===== Records for this exercise
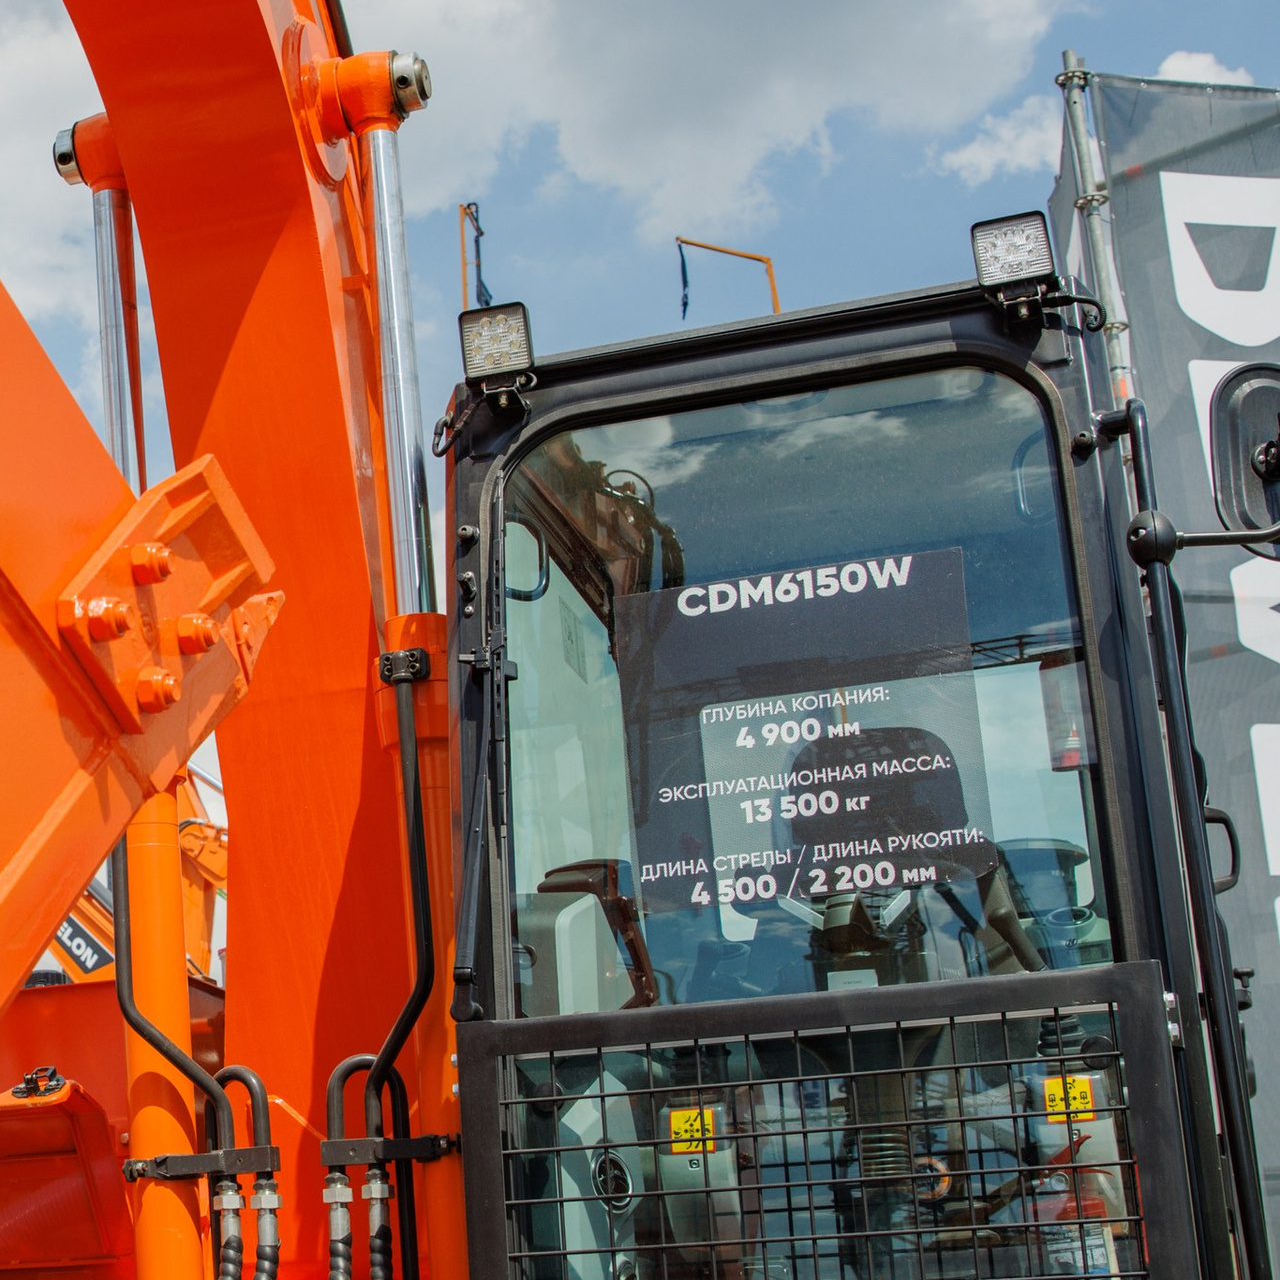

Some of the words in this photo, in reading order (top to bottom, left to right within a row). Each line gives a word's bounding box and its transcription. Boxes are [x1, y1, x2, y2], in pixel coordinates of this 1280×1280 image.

[677, 555, 912, 617] CDM6150W
[702, 700, 787, 725] ГЛУБИНА
[792, 685, 891, 713] КОПАНИЯ:
[735, 726, 755, 749] 4
[761, 718, 821, 747] 900
[828, 720, 860, 739] мм
[658, 763, 867, 804] ЭКСПЛУАТАЦИОННАЯ
[872, 754, 951, 777] МАССА:
[740, 796, 772, 824] 13
[780, 790, 838, 820] 500
[845, 794, 870, 812] кг
[641, 861, 708, 882] ДЛИНА
[713, 848, 792, 872] СТРЕЛЫ
[797, 845, 807, 865] /
[812, 840, 883, 863] ДЛИНА
[888, 828, 985, 852] РУКОЯТИ:
[691, 881, 711, 905] 4
[717, 874, 777, 900] 500
[786, 867, 801, 898] /
[808, 868, 828, 894] 2
[835, 861, 895, 890] 200
[902, 865, 937, 883] мм
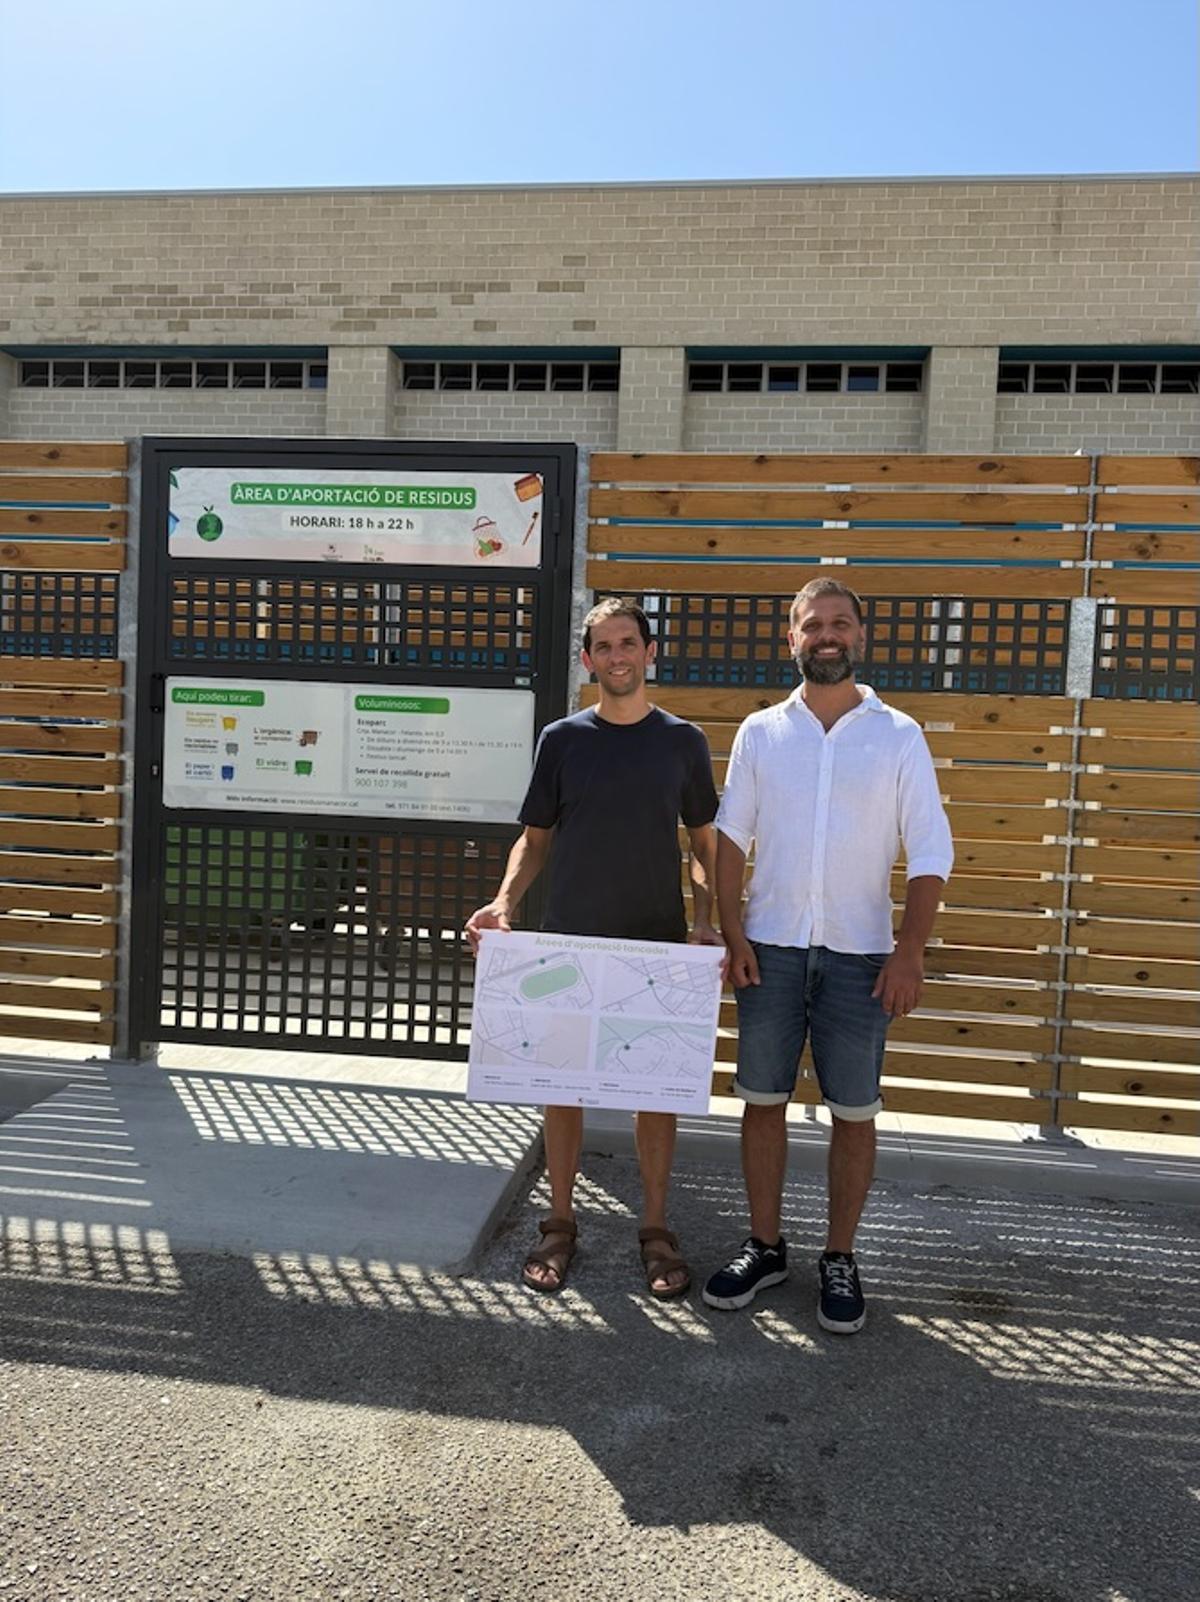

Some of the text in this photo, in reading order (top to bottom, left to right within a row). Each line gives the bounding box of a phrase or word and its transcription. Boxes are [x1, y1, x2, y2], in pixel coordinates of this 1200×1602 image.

[234, 484, 473, 505] ÀREA D'APORTACIÓ DE RESIDUS
[289, 516, 414, 531] HORARI: 18 h a 22 h
[198, 692, 228, 703] podeu
[229, 693, 252, 703] tirar:
[358, 698, 422, 711] Voluminosos:
[357, 718, 387, 727] Ecoparc
[256, 758, 264, 766] El
[355, 767, 378, 776] Servei
[380, 767, 390, 776] de
[390, 768, 423, 778] recollida
[355, 777, 371, 788] 900
[374, 778, 388, 788] 107
[565, 939, 623, 954] d'aportació
[624, 943, 669, 956] tancades
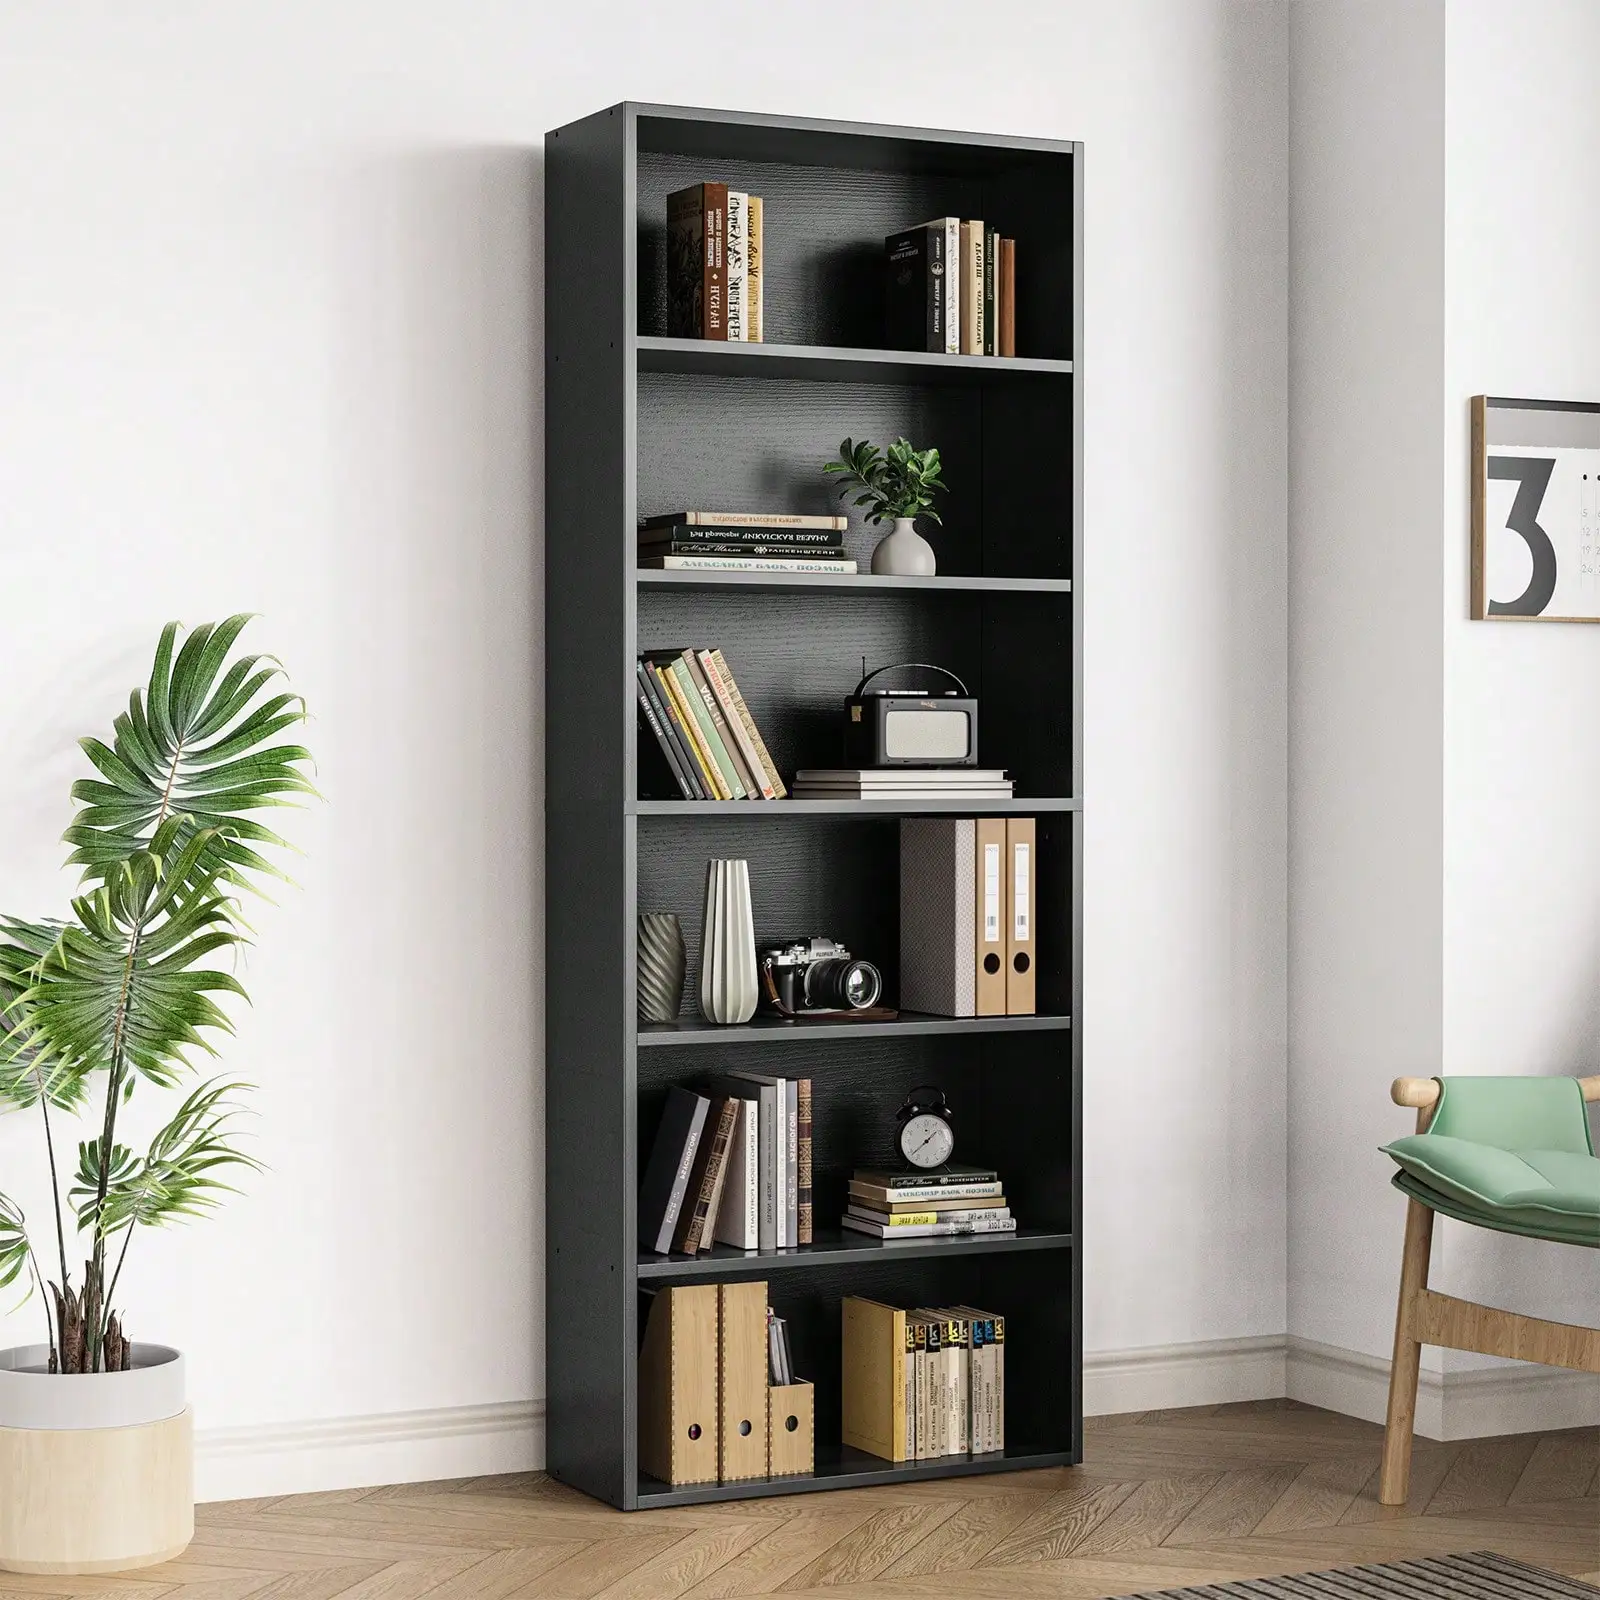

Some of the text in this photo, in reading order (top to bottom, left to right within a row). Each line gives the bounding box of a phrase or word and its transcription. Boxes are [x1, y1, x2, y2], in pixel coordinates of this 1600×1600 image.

[681, 560, 752, 568] АЛЕКСАНДР
[796, 564, 845, 572] ПОЭМЫ
[1487, 456, 1557, 616] 3
==========
Exercise goal. An exact copy of the entries, minus the pictures, is what to return.

Your response.
Some of the words in this photo, in reading order (top to bottom, left to right within a row). Each line gives a word's bounding box and its transcription. Boxes are [x1, y1, x2, y2], in pixel coordinates of this 1280×1280 image.

[677, 555, 912, 617] CDM6150W
[702, 700, 787, 725] ГЛУБИНА
[792, 685, 891, 713] КОПАНИЯ:
[735, 726, 755, 749] 4
[761, 718, 821, 747] 900
[828, 720, 860, 739] мм
[658, 763, 867, 804] ЭКСПЛУАТАЦИОННАЯ
[872, 754, 951, 777] МАССА:
[740, 796, 772, 824] 13
[780, 790, 838, 820] 500
[845, 794, 870, 812] кг
[641, 861, 708, 882] ДЛИНА
[713, 848, 792, 872] СТРЕЛЫ
[797, 845, 807, 865] /
[812, 840, 883, 863] ДЛИНА
[888, 828, 985, 852] РУКОЯТИ:
[691, 881, 711, 905] 4
[717, 874, 777, 900] 500
[786, 867, 801, 898] /
[808, 868, 828, 894] 2
[835, 861, 895, 890] 200
[902, 865, 937, 883] мм

Some of the text in this photo, in reading order (top to bottom, left to right within a row). Each line gives the bounding box of a phrase or word and its transcription. Boxes are [x1, y1, x2, y2], in pixel coordinates of this 1200×1602 image.

[234, 484, 473, 505] ÀREA D'APORTACIÓ DE RESIDUS
[289, 516, 414, 531] HORARI: 18 h a 22 h
[198, 692, 228, 703] podeu
[229, 693, 252, 703] tirar:
[358, 698, 422, 711] Voluminosos:
[357, 718, 387, 727] Ecoparc
[256, 758, 264, 766] El
[355, 767, 378, 776] Servei
[380, 767, 390, 776] de
[390, 768, 423, 778] recollida
[355, 777, 371, 788] 900
[374, 778, 388, 788] 107
[565, 939, 623, 954] d'aportació
[624, 943, 669, 956] tancades

Some of the text in this photo, in reading order (top to bottom, left to right within a row). Each line gives the bounding box of a phrase or word and its transcription. Boxes are [x1, y1, x2, y2], in pixel coordinates of this 1600×1600 image.

[681, 560, 752, 568] АЛЕКСАНДР
[796, 564, 845, 572] ПОЭМЫ
[1487, 456, 1557, 616] 3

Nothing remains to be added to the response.